Research For Network Security Management Based On SNMP

Network security management plays an important pole in the network management system, how to manage and deploy the network resource in effect is an important problem for network management, and it is always one of the most important problems in the research of network technique.This thesis has introduced the basic theory of SNMP at first, analyses the security of SNMP protocol which has three versions in depth. There was no security implemented in SNMPv1 and SNMPv2, because they were on community-based, and the community is plaintext on the wire. Because of the lack in the security function of the previous versions, addition with the development of network for the security management needs, SNMPv3 added security to the previous versions of the protocol by introducing a User-based Security Model (USM).

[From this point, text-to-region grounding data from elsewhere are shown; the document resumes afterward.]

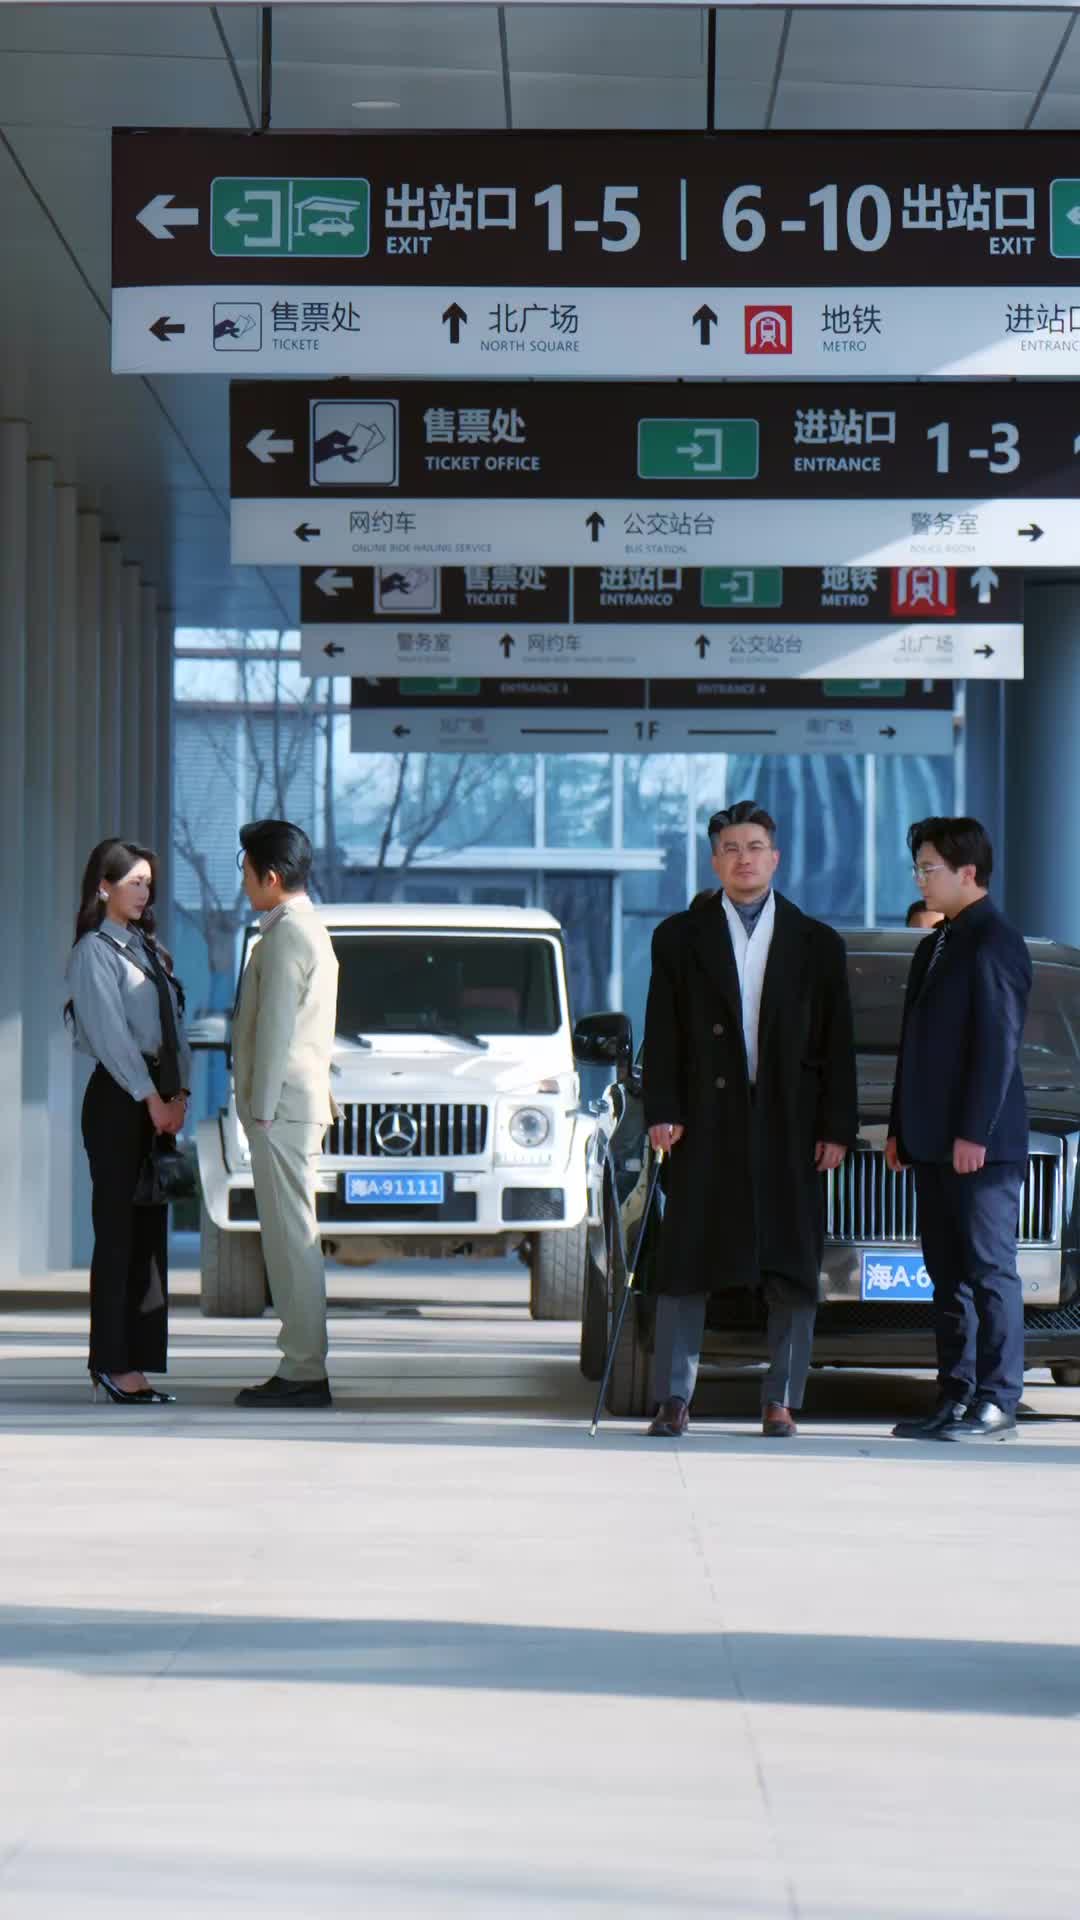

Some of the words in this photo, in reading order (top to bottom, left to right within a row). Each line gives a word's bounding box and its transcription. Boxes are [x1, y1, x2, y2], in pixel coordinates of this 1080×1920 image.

[384, 183, 517, 231] 出站口
[534, 184, 641, 253] 1-5
[901, 183, 1036, 231] 出站口
[386, 236, 433, 255] EXIT
[989, 236, 1036, 255] EXIT
[271, 301, 361, 333] 售票处
[488, 303, 579, 334] 北广场
[821, 304, 882, 335] 地铁
[272, 338, 319, 351] TICKETE
[480, 340, 525, 352] NORTH
[529, 340, 579, 353] SQUARE
[822, 340, 867, 353] METRO
[423, 407, 526, 444] 售票处
[793, 408, 896, 445] 进站口
[424, 455, 481, 471] TICKET
[484, 455, 541, 471] OFFICE
[794, 457, 881, 472] ENTRANCE
[349, 511, 417, 534] 网约车
[623, 511, 715, 536] 公交站台
[910, 512, 979, 536] 警务室
[821, 567, 878, 592] 地铁
[465, 592, 518, 606] TICKETE
[821, 593, 869, 607] METRO
[635, 720, 660, 740] 1F

But the HMAC-MD5 algorithm procedure in SNMPv3 is disclosed, and the authentication is only single direction, and the privacy key of DES is too short, just 56 bits, which is attacked by hacker. So we can conclusion that SNMPv3 is easily to be attacked. While the security management of network system is not neglected, other security protocol should be taken into account to inforce network security management based on SNMP.In this paper the Secure Shell protocol (SSH) is choiced to inforce network security management based on SNMP, and the Secure Shell Transport-mapping Model (SSHTM) is put forword. SSHTM provides message confidentiality and integrity by using the Trangsport Layer Protocol of SSH, provides for both verification of the identity of the SSH server and verification of the identity of the SSH client, and will establish a channel between itself and the SSHTM of another SNMP engine by using the SSH connection protocol so that it can pass encrypted messages in the channel. The construction of SSHTM is introduced in this paper, the security function of which is discussed, and the work of which is described in detail. In particular several security parameters which are passed is explained. At last the performance analysis of SSHTM is given, including latency, security functionality, memory usge and so on, at the same time the distinctness of security functionality is given by comparing SSHTM with TLS based on SNMP, and the difference between TCP protocol and UDP protocol based on SNMP is also dicussed, from which we can make a conclusion that SSHTM is better than SNMPv3/USM.